Provided entries START
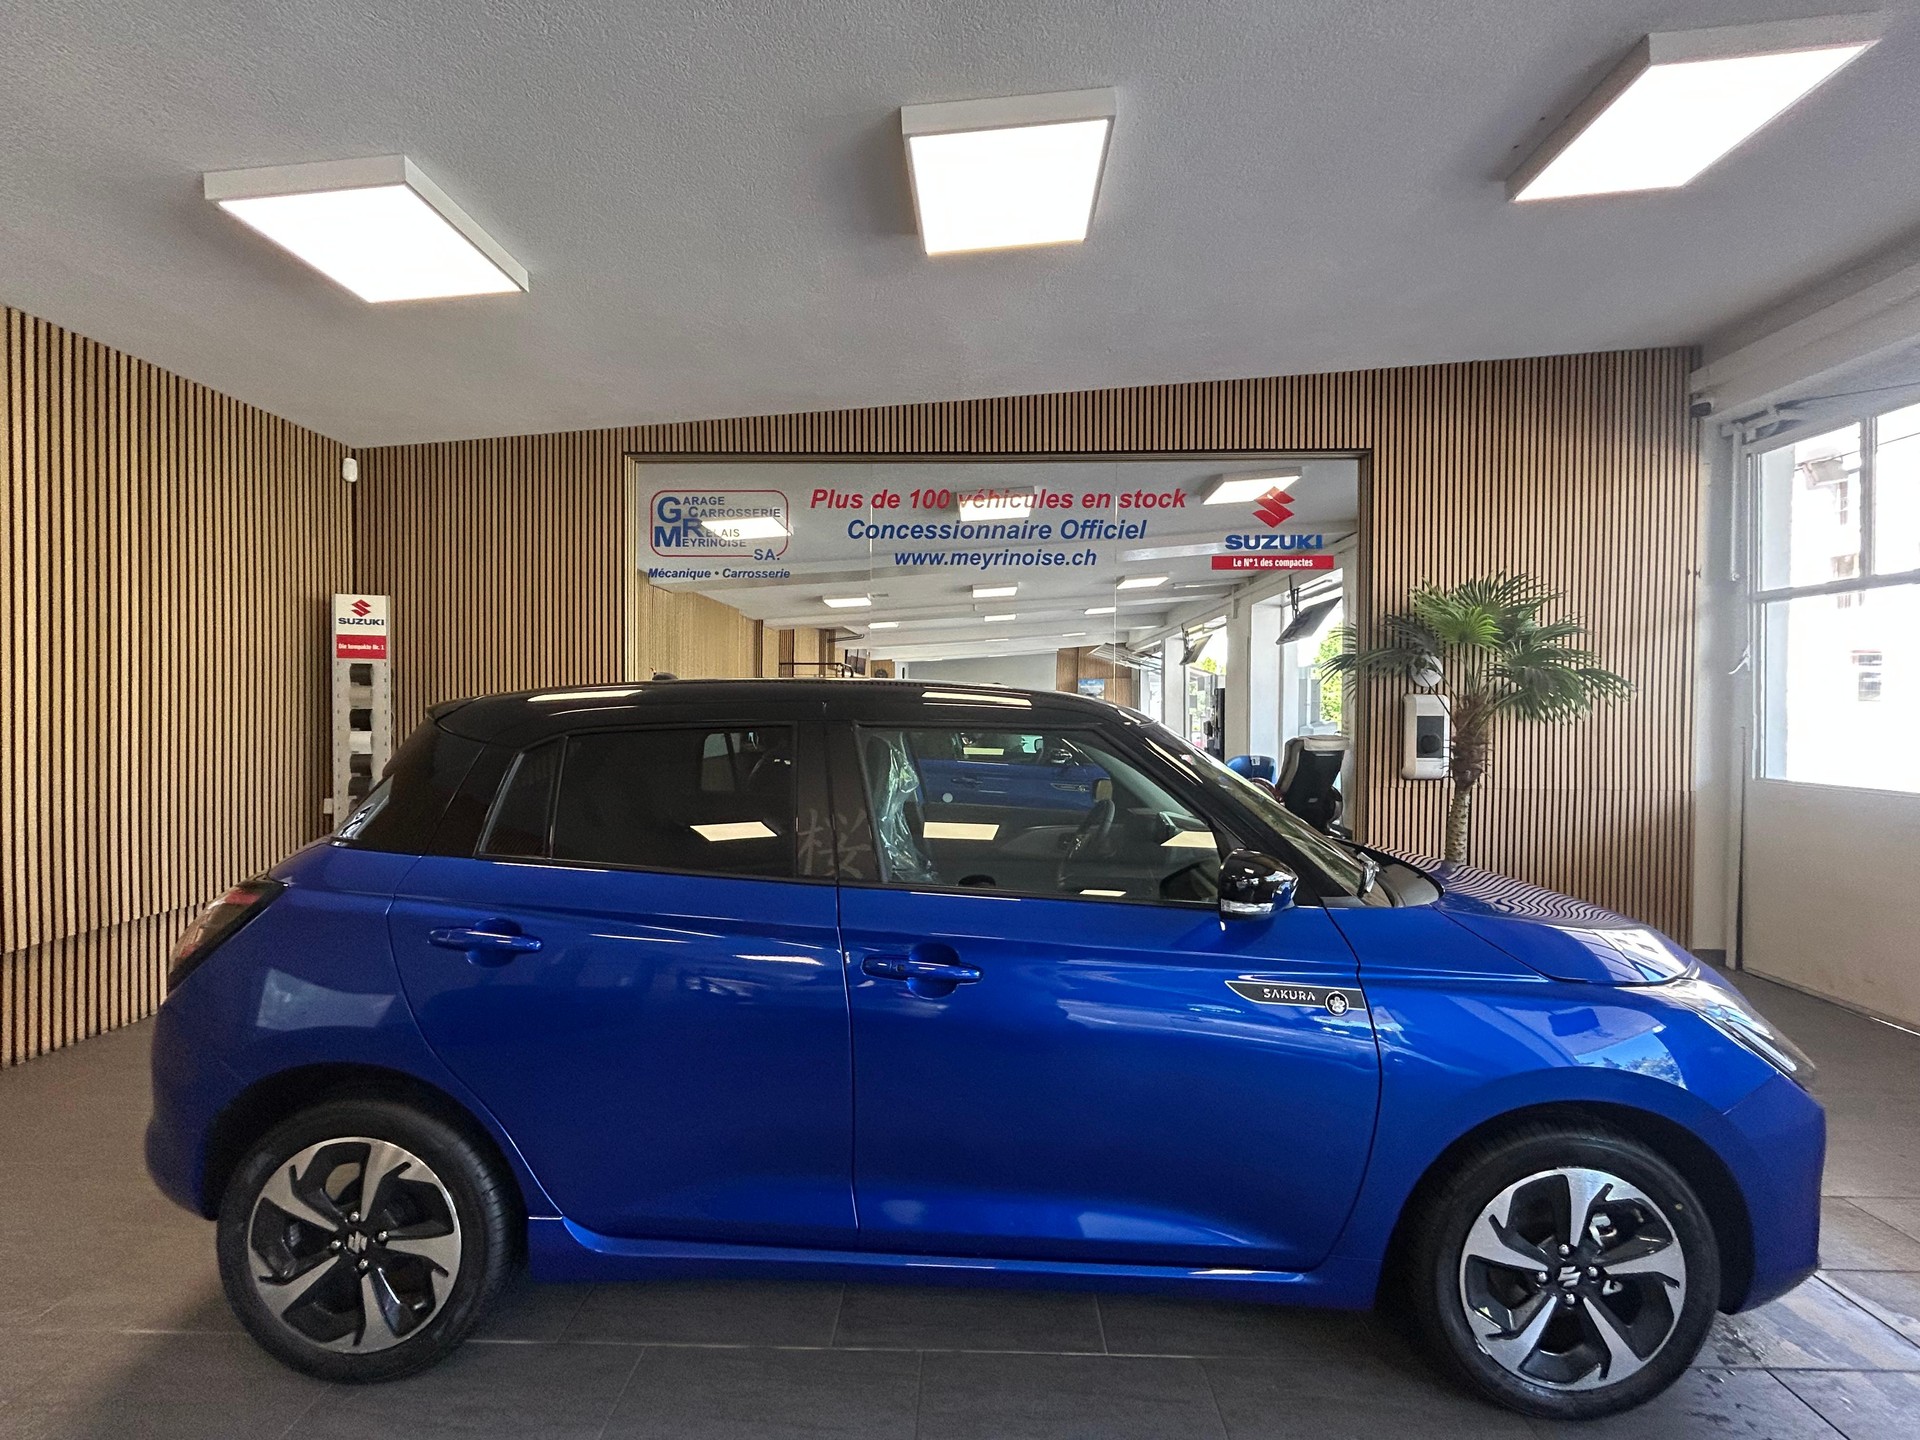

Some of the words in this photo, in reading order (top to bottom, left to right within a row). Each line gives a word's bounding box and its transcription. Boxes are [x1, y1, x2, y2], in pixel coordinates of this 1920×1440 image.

[810, 489, 864, 509] Plus
[871, 489, 901, 509] de
[909, 489, 950, 509] 100
[958, 489, 1073, 509] véhicules
[1081, 493, 1111, 509] en
[1118, 488, 1190, 509] stock
[847, 519, 1052, 540] Concessionnaire
[1060, 519, 1148, 540] Officiel
[1225, 534, 1323, 550] SUZUKI
[894, 548, 1098, 570] www.meyrinoise.ch
[1233, 558, 1242, 567] Le
[1260, 558, 1273, 567] des
[1274, 558, 1313, 569] compactes
[648, 568, 711, 581] Mécanique
[722, 568, 791, 579] Carrosserie
[338, 617, 385, 626] SUZUKI
[1263, 988, 1316, 1001] SAKURA
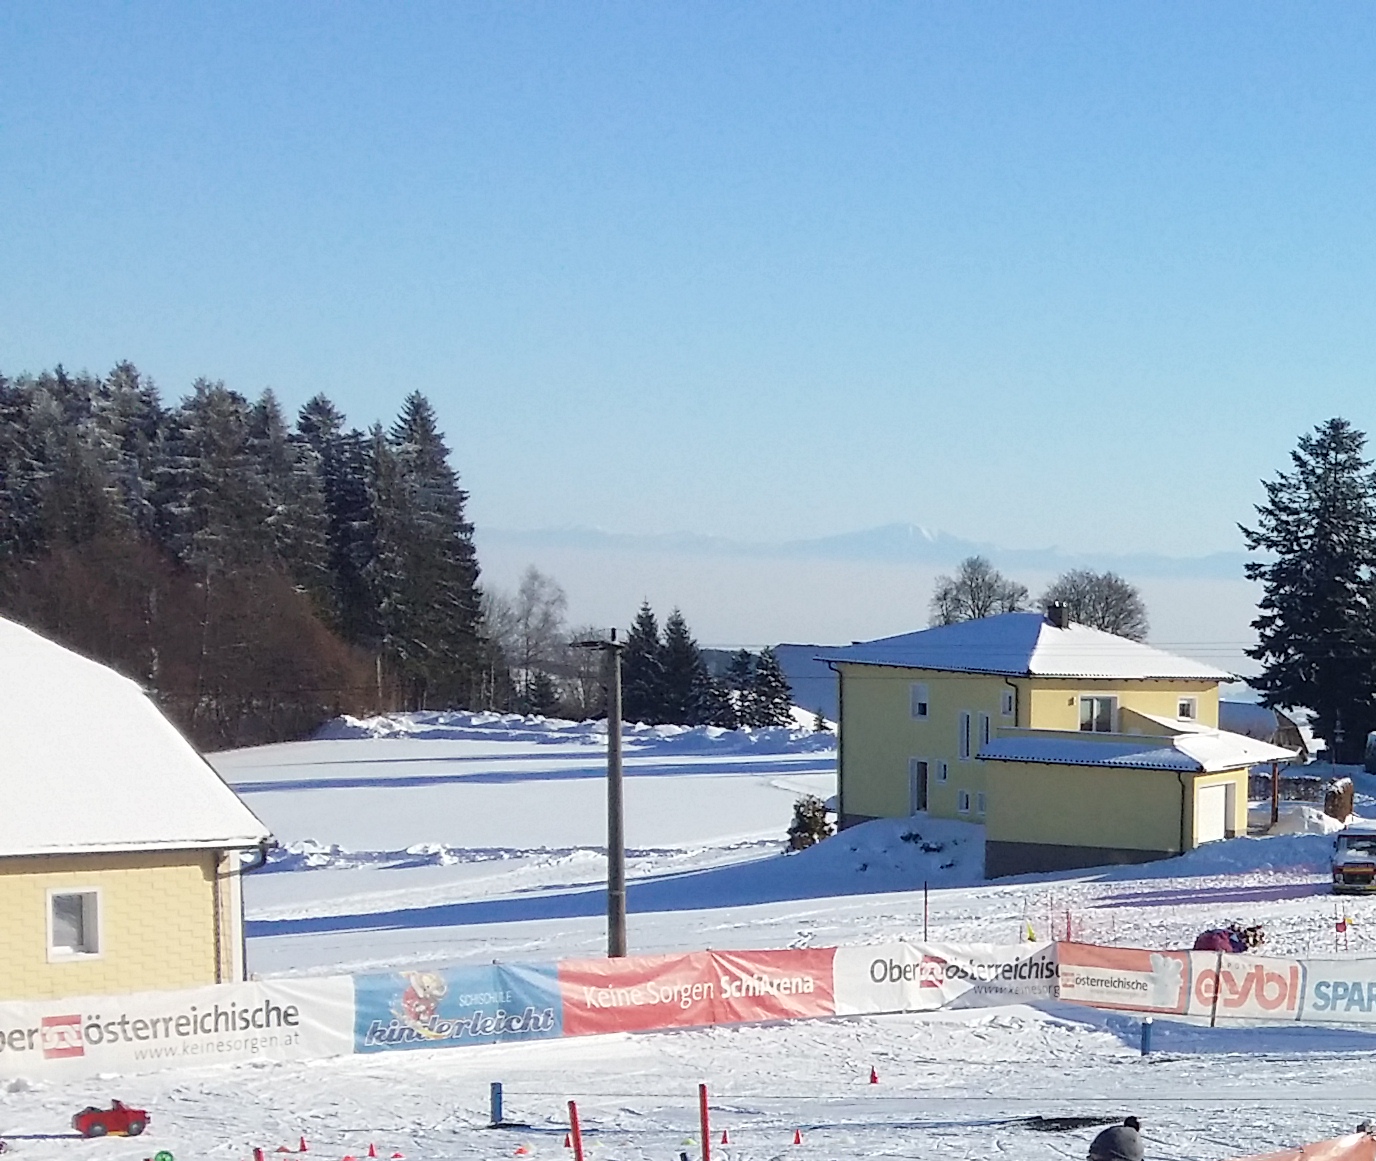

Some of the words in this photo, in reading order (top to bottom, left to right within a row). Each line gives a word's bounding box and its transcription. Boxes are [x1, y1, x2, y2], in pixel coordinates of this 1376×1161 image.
Provided entries END
Exercise requirements: Please restate the entries word for word, with all pictures left out.

Written reply:
Some of the words in this photo, in reading order (top to bottom, left to right within a row). Each line gives a word's bounding box and its transcription. Boxes are [x1, y1, x2, y2], in pixel coordinates of this 1920×1440 image.

[810, 489, 864, 509] Plus
[871, 489, 901, 509] de
[909, 489, 950, 509] 100
[958, 489, 1073, 509] véhicules
[1081, 493, 1111, 509] en
[1118, 488, 1190, 509] stock
[847, 519, 1052, 540] Concessionnaire
[1060, 519, 1148, 540] Officiel
[1225, 534, 1323, 550] SUZUKI
[894, 548, 1098, 570] www.meyrinoise.ch
[1233, 558, 1242, 567] Le
[1260, 558, 1273, 567] des
[1274, 558, 1313, 569] compactes
[648, 568, 711, 581] Mécanique
[722, 568, 791, 579] Carrosserie
[338, 617, 385, 626] SUZUKI
[1263, 988, 1316, 1001] SAKURA

Some of the words in this photo, in reading order (top to bottom, left to right within a row). Each line gives a word's bounding box and its transcription. Boxes are [x1, y1, x2, y2], in pixel coordinates of this 1376×1161 image.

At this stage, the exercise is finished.